A proposal to “live off the land,” for example, using resources on Mars, might dramatically simplify exploration plans. The first humans to arrive may well extract fuel and consumables from the Martian environment. Such a mission would require a two-year-plus timetable to fly to Mars, work on the surface, and then return to Earth. It would also require a vehicle for getting to Mars, a lander with a scientific laboratory and habitat, a power plant for generating electricity on the surface, rovers, human transports on the surface, food, a manufacturing plant capable of producing its propellant and, most critically, an ascent vehicle for leaving Mars for the journey home.

Fuel could be manufactured on Mars from the local atmosphere, which consists mainly of carbon dioxide. This gas would be pumped into a reaction chamber in the manufacturing plant, where it would be mixed with liquid hydrogen and heated. The resulting process, discovered in the 19th century by French chemist Paul Sabatier (1854–1941), produces methane and water. The methane would be pumped through a cryogenic cooler, which would reduce it to a liquid state that could be stored for use as rocket fuel. The resulting water could be pumped into an electrolysis unit, where electrodes separate it into hydrogen and oxygen.

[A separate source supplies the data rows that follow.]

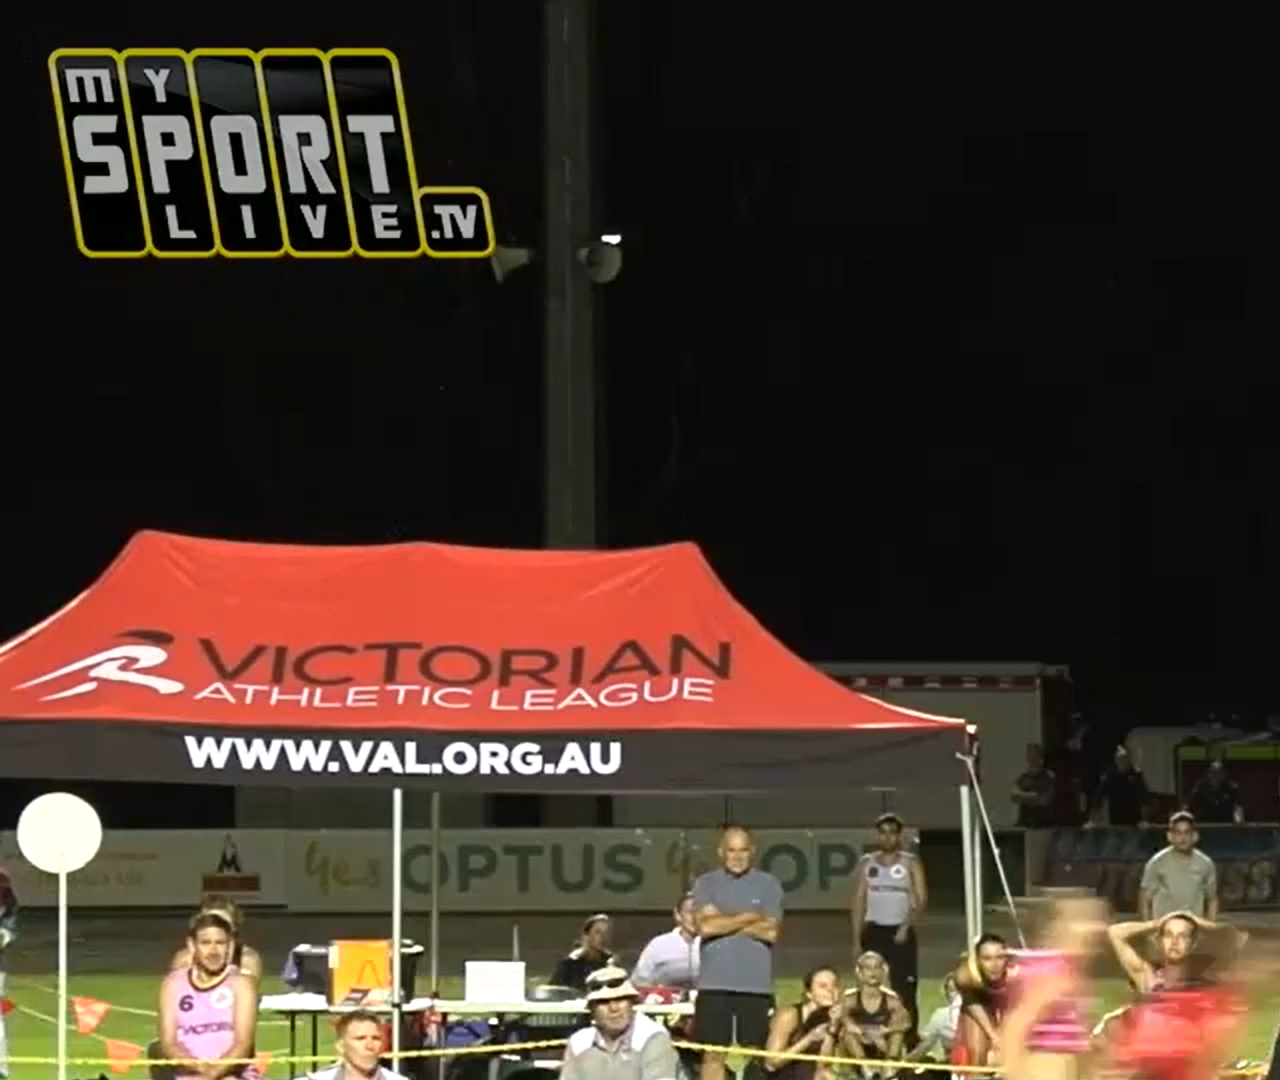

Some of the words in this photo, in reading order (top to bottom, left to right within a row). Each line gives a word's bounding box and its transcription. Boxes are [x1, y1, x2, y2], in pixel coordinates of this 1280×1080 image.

[198, 633, 732, 687] VICTORIAN
[193, 682, 471, 709] ATHLETIC
[490, 677, 716, 711] LEAGUE
[184, 735, 622, 775] WWW.VAL.ORG.AU
[401, 843, 644, 894] OPTUS
[179, 995, 194, 1012] 6

Upon arrival, humans would need to deploy an inflatable greenhouse to grow food. Using automated rovers, the crew could then begin explorations of the surrounding terrain. They would collect rock samples for analysis in a small laboratory set up in their habitat module. They could also drill into the Martian substrata in search of water and any subterranean life that may exist. They could even search for fossils, and seek to confirm the existence of further natural resources that have been detected by satellites orbiting Mars. Once their time on the planet came to an end, the crew would undertake a 110-day trip back to Earth.

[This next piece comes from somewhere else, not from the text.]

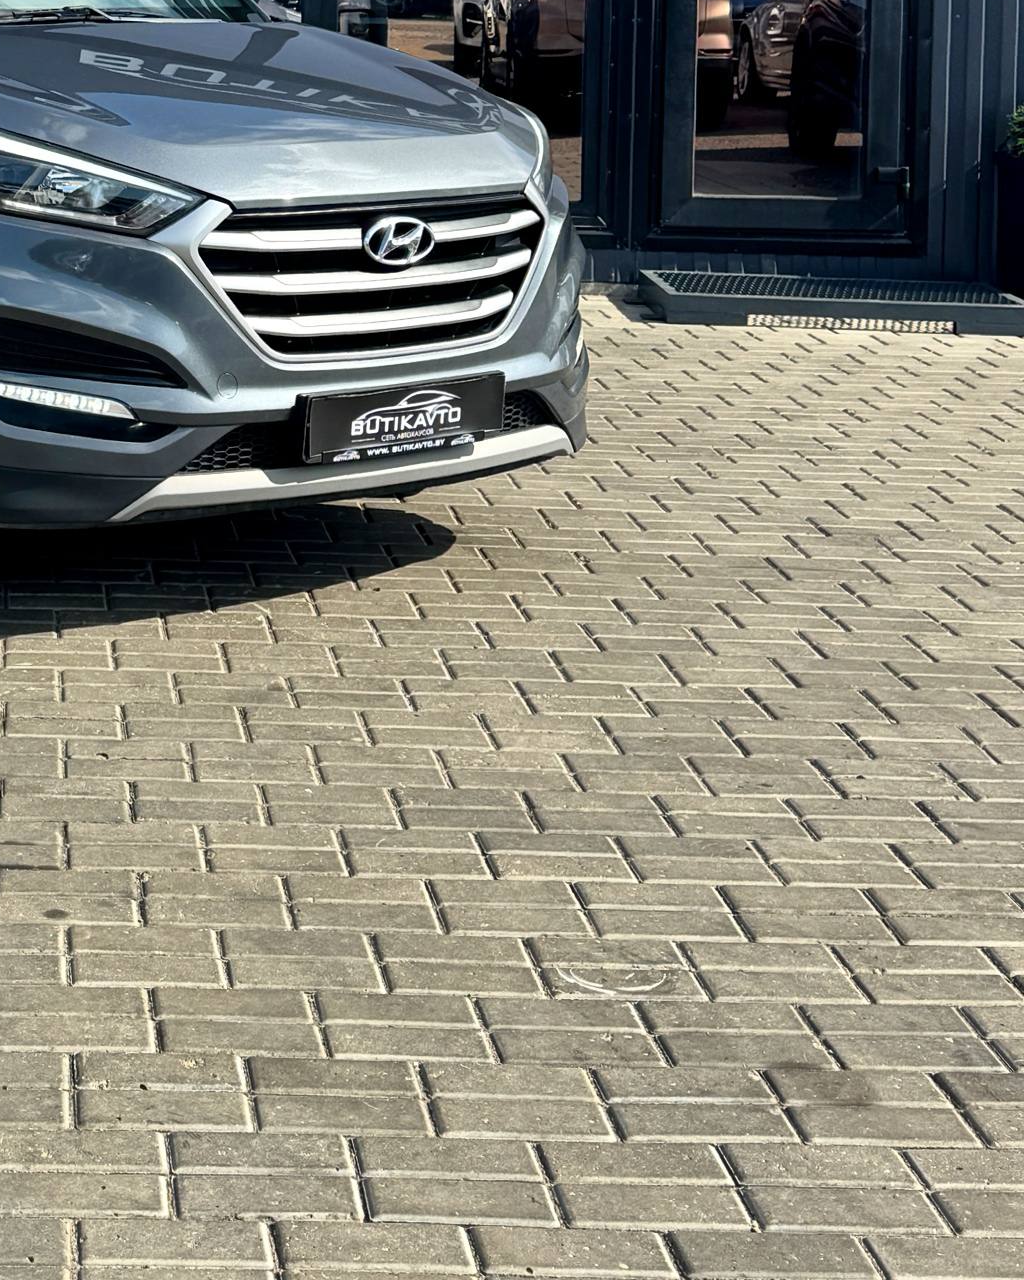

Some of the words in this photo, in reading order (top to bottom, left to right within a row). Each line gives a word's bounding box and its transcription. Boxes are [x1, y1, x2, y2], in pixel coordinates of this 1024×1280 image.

The technical problems of such a mission are considerable. The crew would be exposed to two types of radiation: cosmic radiation invading the solar system from the galaxy beyond, and solar flares of radiation running the whole electromagnetic spectrum. A fast transit time is the best protection against galactic radiation, as is the local atmosphere on Mars. The Sun’s solar flares, on the other hand, can be lethal, especially in the unprotected vacuum of space. Engineers may opt to shield the crew with water, using a donut-shaped water tank into which the explorers could retreat until the solar storm subsides.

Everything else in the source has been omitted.